Skor akhir pertandingan tersebut memberikan kemenangan bagi Chelsea atas Burnley 3-1. Berkat peran Cesc Fabregas yang mampu menahan bola sembari menyediakan waktu bagi timnya maju mencari celah menunggu di depanlah yang memberikan warna baru bagi Chelsea yang pada saat itu permainannya begitu monoton.
4-2-3-1 Formasi Populer
Louis Van Gaal ketika di AFC Ajax , dan Barcelona adalah sosok yang mempopulerkan taktik 4-3-2-1. Lalu formasi ini disempurnakan oleh Pep Guardiola, yang menjadikannya taktik paling distributif.
Saking populernya, 15 dari 20 klub di Liga Primer Inggris menggunakan formasi 4-3-2-1. Mungkin ini alasan Cesc Fabregas memakai formasi Como 1907 karena Fabregas adalah mantan pemain di Liga Primer Inggris.
Lalu di di La Liga Spanyol formasi populernya 4-3-3 , lalu di Liga Italia adalah -3-5-2 atau 4-3-1-2. Saking populernya, formasi ini dianggap taktik paling sempurna dan menjadi mode default di game sepakbola.
Formasi 4-2-3-1 dianggap sebagai pilihan yang aman, terutama bagi pelatih baru atau di awal musim ketika tim memiliki banyak pemain baru. Karena sifatnya yang lebih defensif dan terorganisir, banyak manajer memilih pendekatan ini untuk meminimalkan risiko di lapangan.
Formasi 4-2-3-1 sering menghadapi kendala ketika sebuah tim tidak memiliki pemain kreatif. Dalam situasi ini, permainan cenderung stagnan, dengan bola lebih sering dioper ke samping atau ke belakang. Hanya ketika ada celah dalam pertahanan lawan, operan ke depan dilakukan, meskipun tidak semua operan tersebut menghasilkan peluang.
Formasi 4-2-3-1 di Como 1907
Ketika Como 1907 menggunakan formasi 4-2-3-1 saat kontra Venezia, Como 1907 menguasai jalannya pertandingan dengan ball possesion 66%, mendapatkan 10 kali kesempatan, 4 shots on target.

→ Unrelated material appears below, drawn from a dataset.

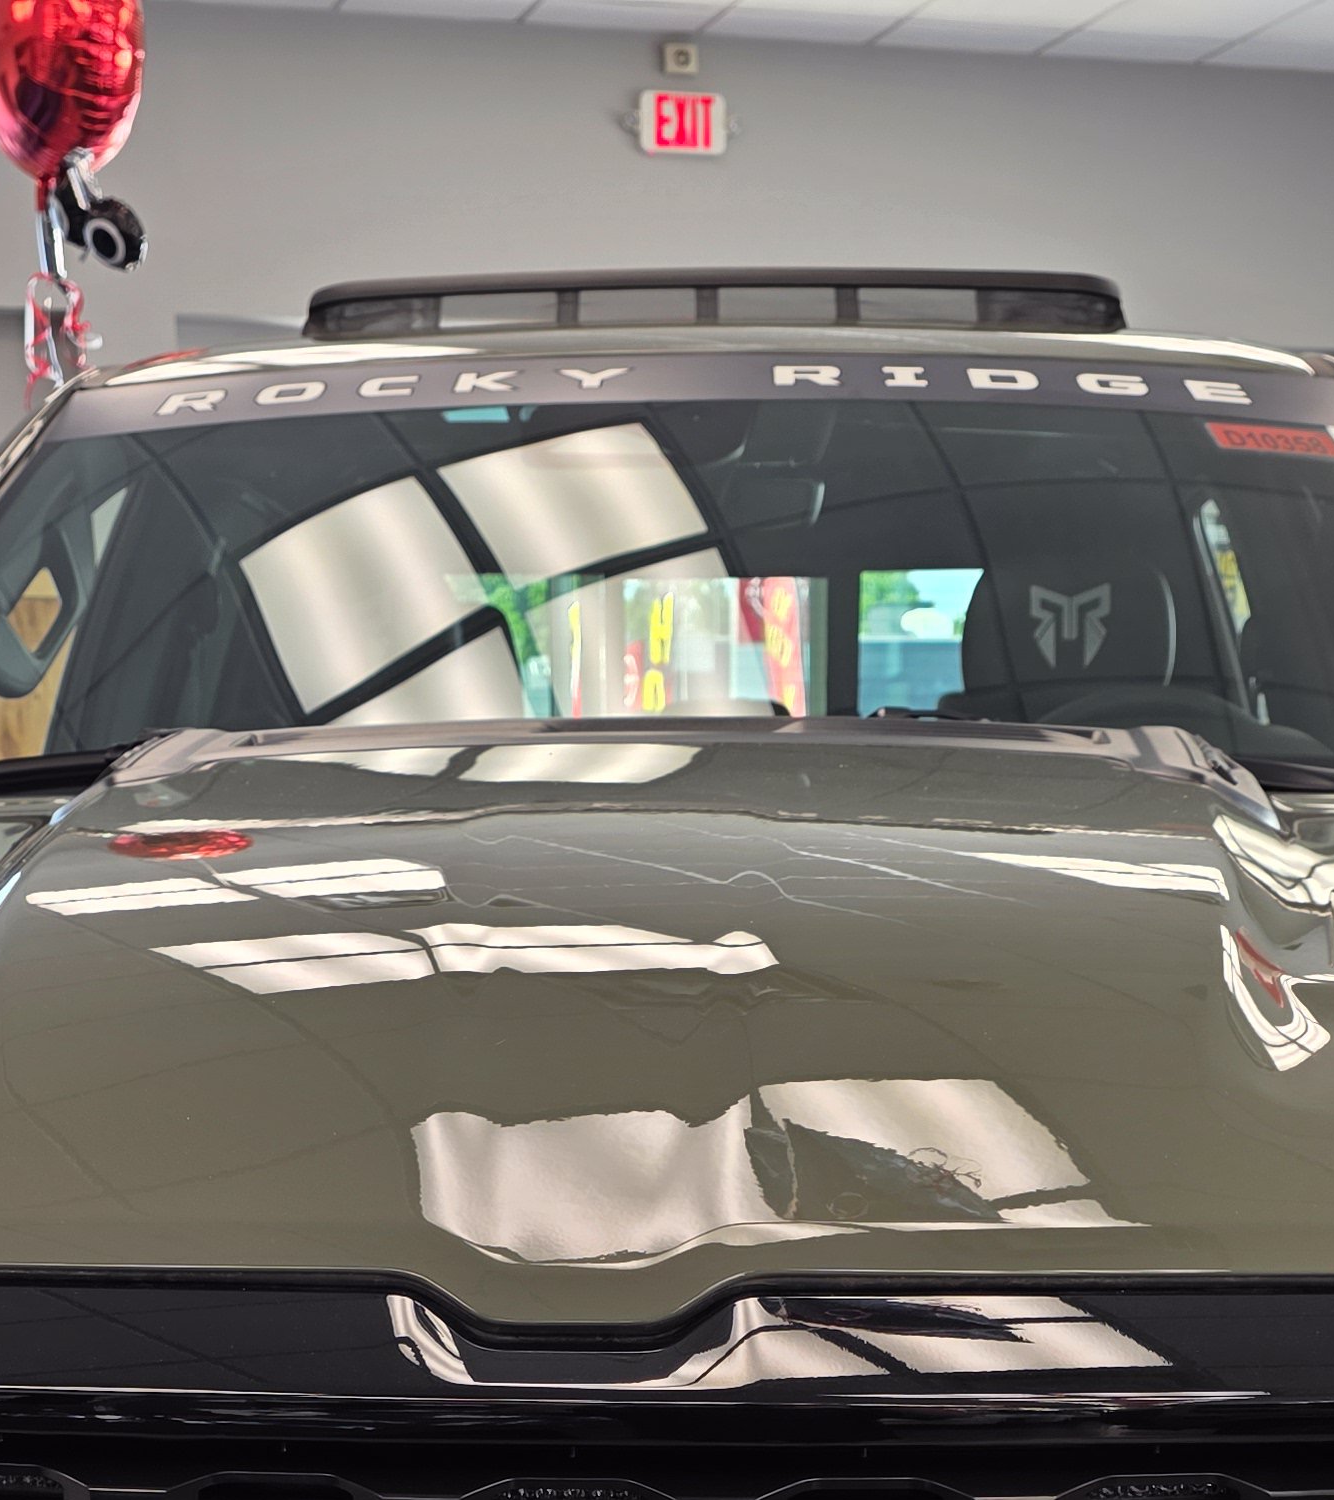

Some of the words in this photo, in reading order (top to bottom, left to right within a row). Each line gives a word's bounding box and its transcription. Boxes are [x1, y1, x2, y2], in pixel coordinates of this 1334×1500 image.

Lalu ketika Como 1907 kontra Monza, asuhan Fabregas mendominasi jalannya pertandingan dengan 54% menguasai bola, mendapatkan 17 kali kesempatan gol tetapi hanya 3 tembakan yang mengarah ke gawang.

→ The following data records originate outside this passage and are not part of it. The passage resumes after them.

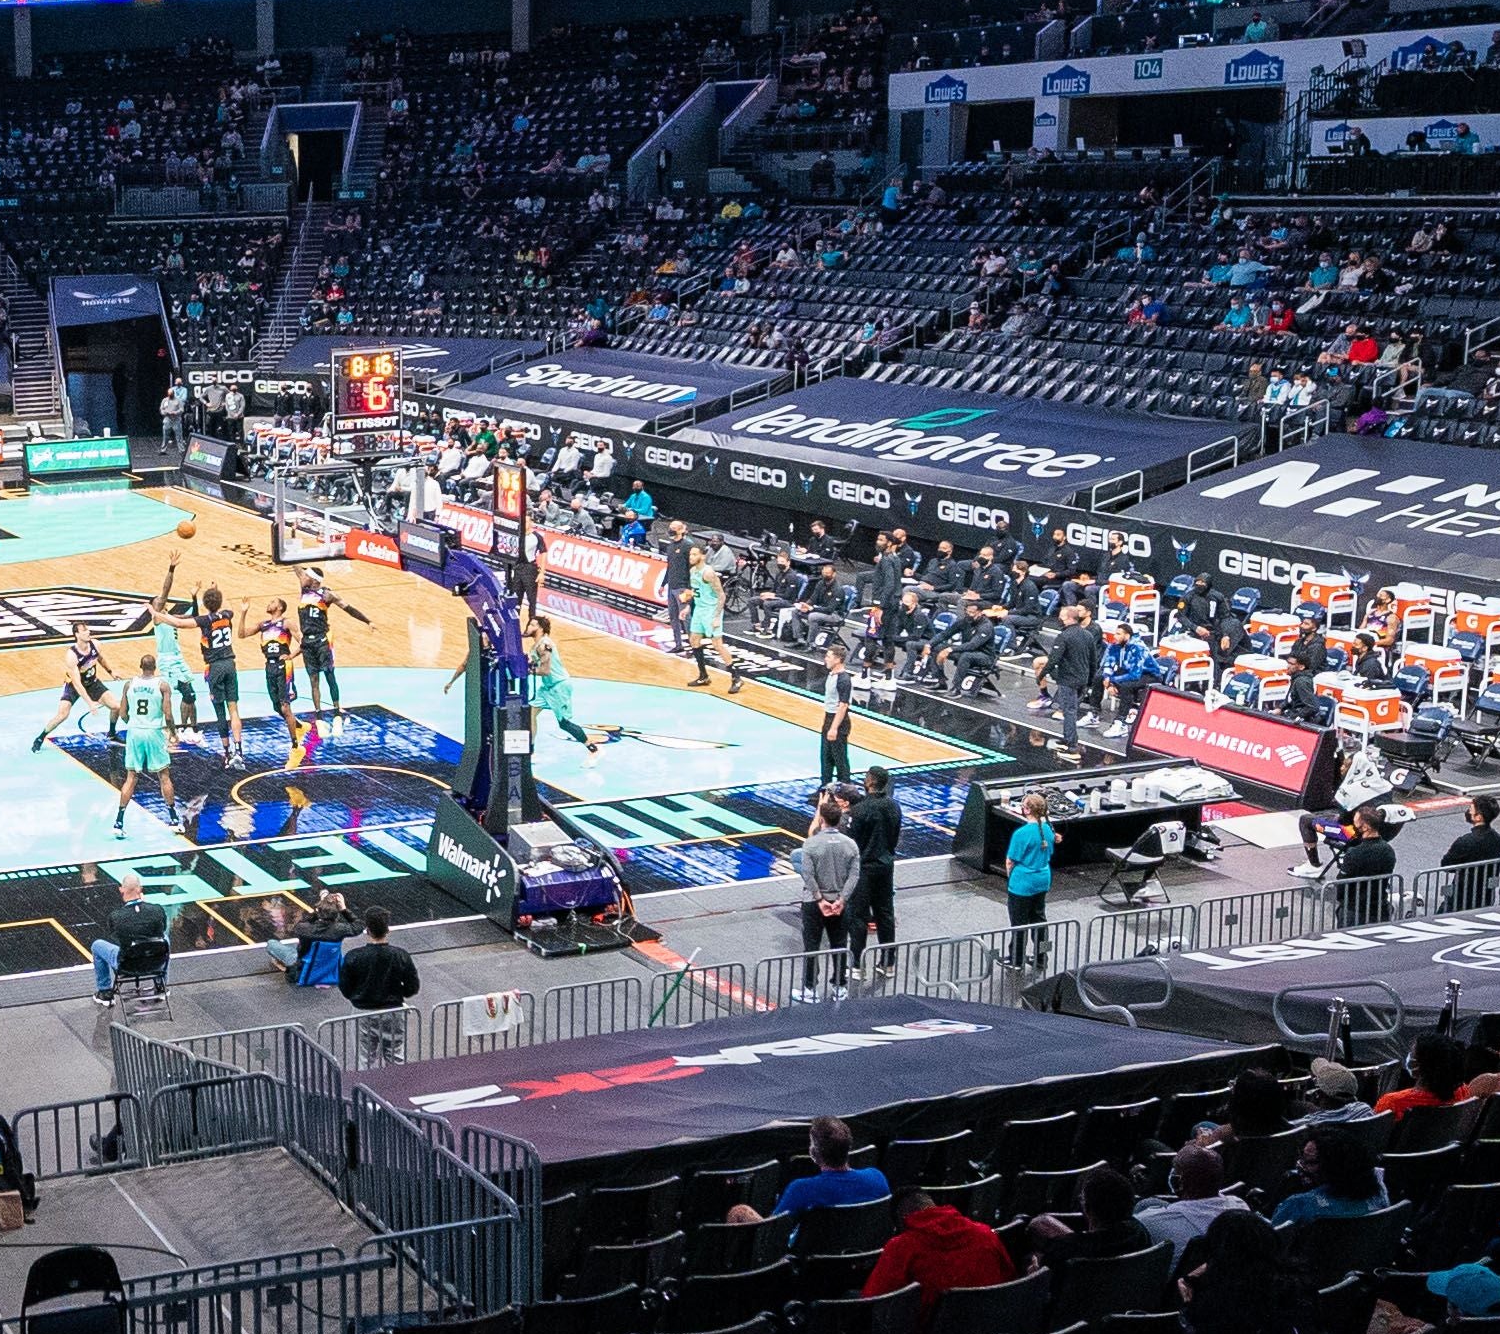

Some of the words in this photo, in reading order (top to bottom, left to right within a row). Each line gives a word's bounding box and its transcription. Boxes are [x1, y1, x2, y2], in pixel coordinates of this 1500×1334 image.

[1135, 58, 1163, 78] 104
[1228, 62, 1278, 84] LOWE'S
[926, 88, 964, 103] LOWE'S
[1046, 75, 1088, 95] LOWE'S
[187, 369, 254, 385] GEICO
[350, 355, 394, 378] 8:16
[253, 378, 309, 395] GEICO
[366, 376, 388, 411] 6
[505, 363, 695, 405] Spectrum
[353, 415, 400, 430] TISSOT
[731, 403, 1102, 481] lendingtree
[645, 446, 693, 470] GEICO
[730, 462, 786, 488] GEICO
[827, 478, 890, 510] GEICO
[936, 498, 1009, 531] GEICO
[546, 535, 649, 592] GATORADE
[308, 607, 320, 618] 12
[211, 627, 232, 648] 23
[267, 643, 280, 653] 25
[136, 699, 149, 715] 8
[1147, 713, 1186, 737] BANK
[1187, 722, 1206, 743] OF
[1206, 731, 1272, 762] AMERICA
[436, 830, 492, 887] Walmart

Kemudian saat I Lariani kontra La Saviola juga mendominasi pertandingan dengan persentase 47%, dari empat kali kesempatan, Como 1907 hanya mendapatkan shots on target 1.
Dengan formasi 4-2-3-1 tidak terlalu banyak peluang shots on target yang tercipta meskipun ball possession tinggi.
Bisa jadi yang menyebabkan pertahanan Como 1907 terburuk kedua di musim ini karena asuhan Fabregas terlalu sering menggunakan formasi yang basi. Taktik 4-2-3-1 sudah seperti sistem pendidikan hafalan dan sudah banyak cara counter-nya.
Dengan strategi mainstream ini Como memang tampil dengan agresif, tetapi kelemahannya tidak terpenuhi. Cesc Fabregas dianggap berhasil memakai formasi ini ketika di Chelsea, tetapi sebagai pelatih dia belum mampu menerapkannya.